Джейми улыбался, глядя на меня, хотя сам выглядел не многим лучше, если не сказать хуже (я все же надеялась, что имею более приличный вид): его волосы склеила морская соль, и теперь они торчали пучками, с виска слезала содранная кожа, а плечи были укрыты подобием одеяла, но только не рубахой.

– Очень плохо? – осторожно поинтересовался он.

– О, хуже некуда, – проскрипела я.

Я жива, значит, нужно снова жить, чувствовать и осознавать события, а этого хотелось мне меньше всего.

Джейми, обнадеженный тем, что я в силах говорить, взял кувшин с прикроватного столика.

Да, то была кровать, не гамак и не подвесная койка. Это-то и удивляло больше всего: белоснежные льняные простыни, светлые стены в штукатурке, белые занавески из муслина, похожие на паруса, надуваемые ветром, – очевидно, именно это заставило меня пережить слепящую белизну, которую я приняла за зов смерти.

На оштукатуренном потолке играли блики, из чего я сделала вывод, что это вода, находящаяся рядом, отражает лучи солнца. На сундуке Дэвида Джонса было не так уютно, но на волнах я ощутила такой всеобъемлющий покой, какой вряд ли почувствую где-либо еще. При любом движении нога болела, а от этого болело все тело, и я пожалела, что не умерла там, в океане, не утонула в волнах. Вначале рука, теперь вот нога…

– Мм-м, англичаночка, ты сломала ногу. Не шевелись, пожалуйста, иначе будет больно, – предупредил Джейми.
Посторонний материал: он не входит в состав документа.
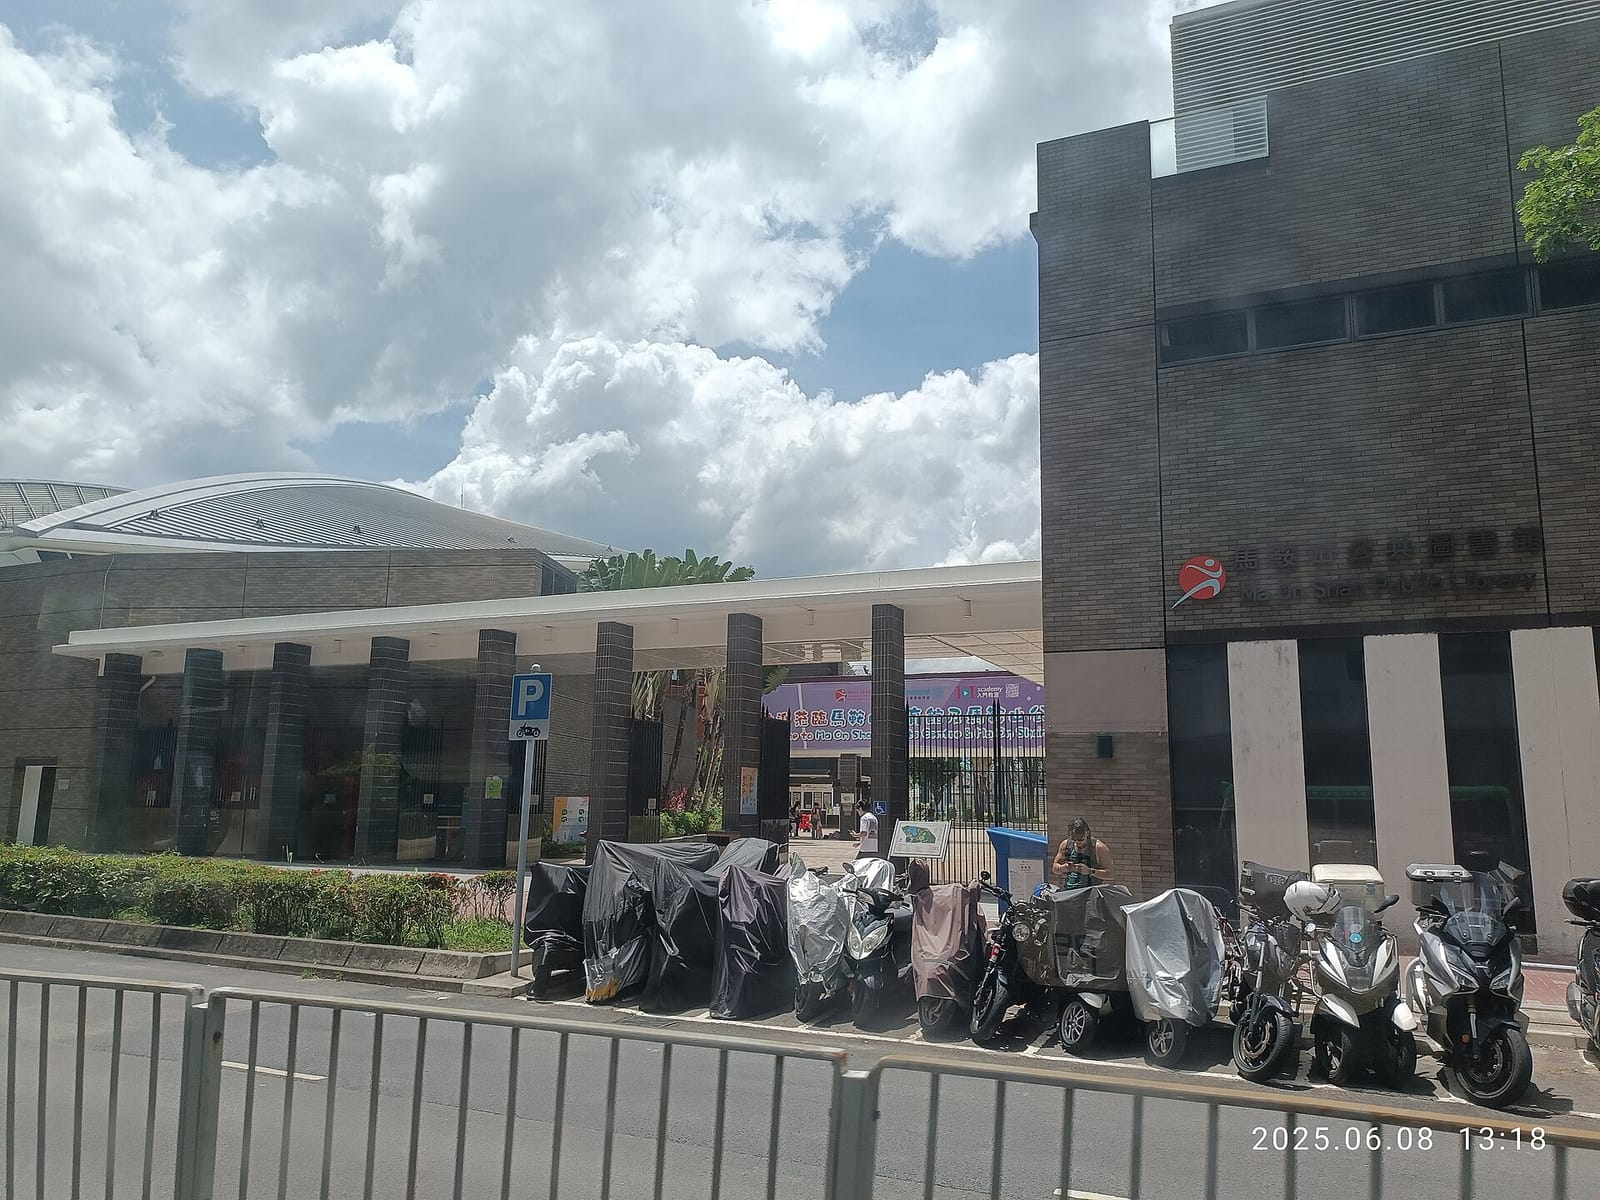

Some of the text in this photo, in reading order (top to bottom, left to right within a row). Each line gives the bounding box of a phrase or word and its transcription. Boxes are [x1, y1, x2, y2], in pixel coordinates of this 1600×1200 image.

[517, 679, 544, 716] P
[801, 731, 814, 741] to
[815, 729, 832, 741] Ma
[833, 729, 850, 741] On
[851, 728, 872, 741] Sha
– Да я уж догадалась, спасибо за заботу, – промычала я в ответ. – Какого лешего мы здесь делаем? Где мы вообще?

Он выразительно поднял плечо.

– Я сам не знаю. Дом вроде бы приличный, симпатичный даже, уютный, как я посмотрю. Но это сейчас, а когда нас прибило к берегу и хозяева тащили нас сюда, я почти ничего не помню, слышал только, что местность называют «Жемчуга». Может быть, и по-другому, я не расслышал хорошенько.

Он налил мне воды из кувшина. Проглотив воду, я поблагодарила смежением век и спросила:

– Так что это было? Что там стряслось?

Если не двигаться и лежать смирнехонько, боли в ноге почти не чувствовалось, главное не забываться и не шевелиться. Пульс – а я потянулась привычным жестом к шее, чтобы проверить, – тоже был сильным. Жить можно: шок не настал, а если и был, то прошел бесследно, и ничто не указывает на то, что перелом множественный или тяжелый.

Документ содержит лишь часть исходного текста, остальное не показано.